■ **ASSIGNMENT**: Your reply must contain the full listing below, reproduced exactly, but no pictures.

::::::::::

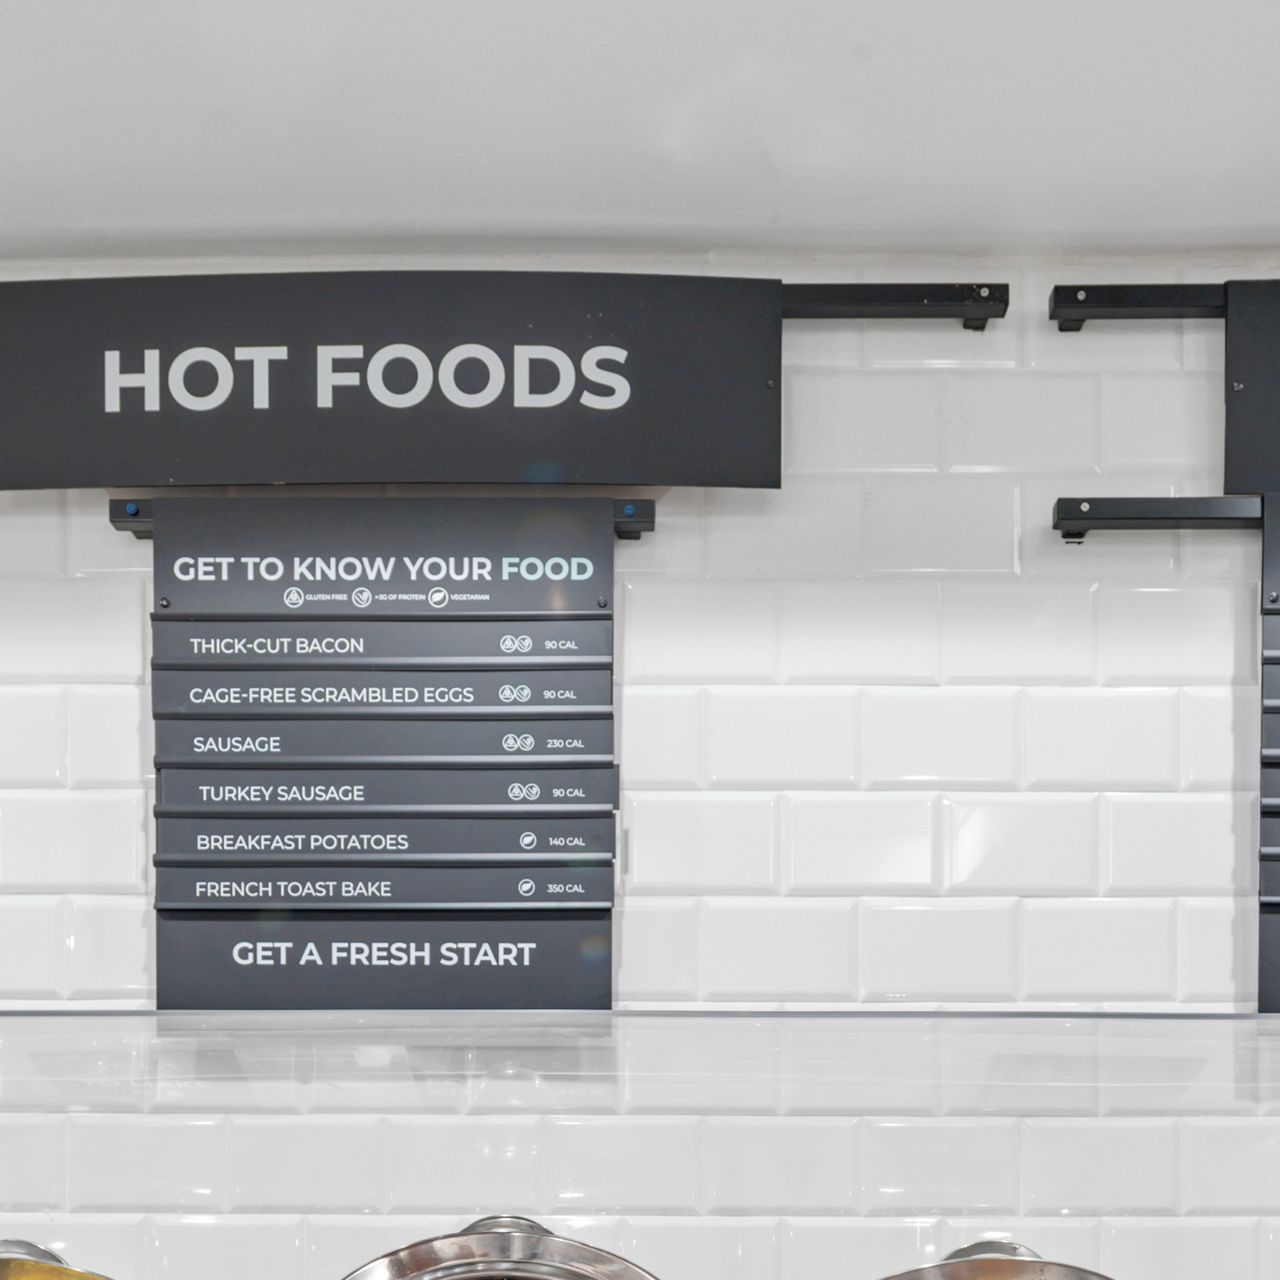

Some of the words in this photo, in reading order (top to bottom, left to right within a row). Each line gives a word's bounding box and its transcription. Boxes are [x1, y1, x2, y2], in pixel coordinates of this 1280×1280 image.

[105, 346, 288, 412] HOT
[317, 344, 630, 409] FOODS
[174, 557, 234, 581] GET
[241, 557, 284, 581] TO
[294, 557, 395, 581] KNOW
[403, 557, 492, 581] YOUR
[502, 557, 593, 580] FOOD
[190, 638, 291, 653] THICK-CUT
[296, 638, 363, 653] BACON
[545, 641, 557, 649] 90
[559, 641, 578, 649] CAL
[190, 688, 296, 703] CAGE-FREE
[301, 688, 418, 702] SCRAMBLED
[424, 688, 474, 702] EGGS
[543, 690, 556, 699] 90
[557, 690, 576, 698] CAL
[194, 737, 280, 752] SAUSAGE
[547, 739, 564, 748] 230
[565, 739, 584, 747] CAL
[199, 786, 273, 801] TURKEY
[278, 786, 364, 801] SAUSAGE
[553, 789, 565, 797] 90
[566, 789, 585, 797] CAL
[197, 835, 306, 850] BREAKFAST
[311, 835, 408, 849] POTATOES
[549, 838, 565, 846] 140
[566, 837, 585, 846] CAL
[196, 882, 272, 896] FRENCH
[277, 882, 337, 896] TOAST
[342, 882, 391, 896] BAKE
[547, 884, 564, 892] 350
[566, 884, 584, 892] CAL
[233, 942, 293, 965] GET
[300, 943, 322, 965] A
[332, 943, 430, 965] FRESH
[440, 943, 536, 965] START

::::::::::

■ **TASK OUTPUT**:
Some of the words in this photo, in reading order (top to bottom, left to right within a row). Each line gives a word's bounding box and its transcription. Boxes are [x1, y1, x2, y2], in pixel coordinates of this 1280×1280 image.

[105, 346, 288, 412] HOT
[317, 344, 630, 409] FOODS
[174, 557, 234, 581] GET
[241, 557, 284, 581] TO
[294, 557, 395, 581] KNOW
[403, 557, 492, 581] YOUR
[502, 557, 593, 580] FOOD
[190, 638, 291, 653] THICK-CUT
[296, 638, 363, 653] BACON
[545, 641, 557, 649] 90
[559, 641, 578, 649] CAL
[190, 688, 296, 703] CAGE-FREE
[301, 688, 418, 702] SCRAMBLED
[424, 688, 474, 702] EGGS
[543, 690, 556, 699] 90
[557, 690, 576, 698] CAL
[194, 737, 280, 752] SAUSAGE
[547, 739, 564, 748] 230
[565, 739, 584, 747] CAL
[199, 786, 273, 801] TURKEY
[278, 786, 364, 801] SAUSAGE
[553, 789, 565, 797] 90
[566, 789, 585, 797] CAL
[197, 835, 306, 850] BREAKFAST
[311, 835, 408, 849] POTATOES
[549, 838, 565, 846] 140
[566, 837, 585, 846] CAL
[196, 882, 272, 896] FRENCH
[277, 882, 337, 896] TOAST
[342, 882, 391, 896] BAKE
[547, 884, 564, 892] 350
[566, 884, 584, 892] CAL
[233, 942, 293, 965] GET
[300, 943, 322, 965] A
[332, 943, 430, 965] FRESH
[440, 943, 536, 965] START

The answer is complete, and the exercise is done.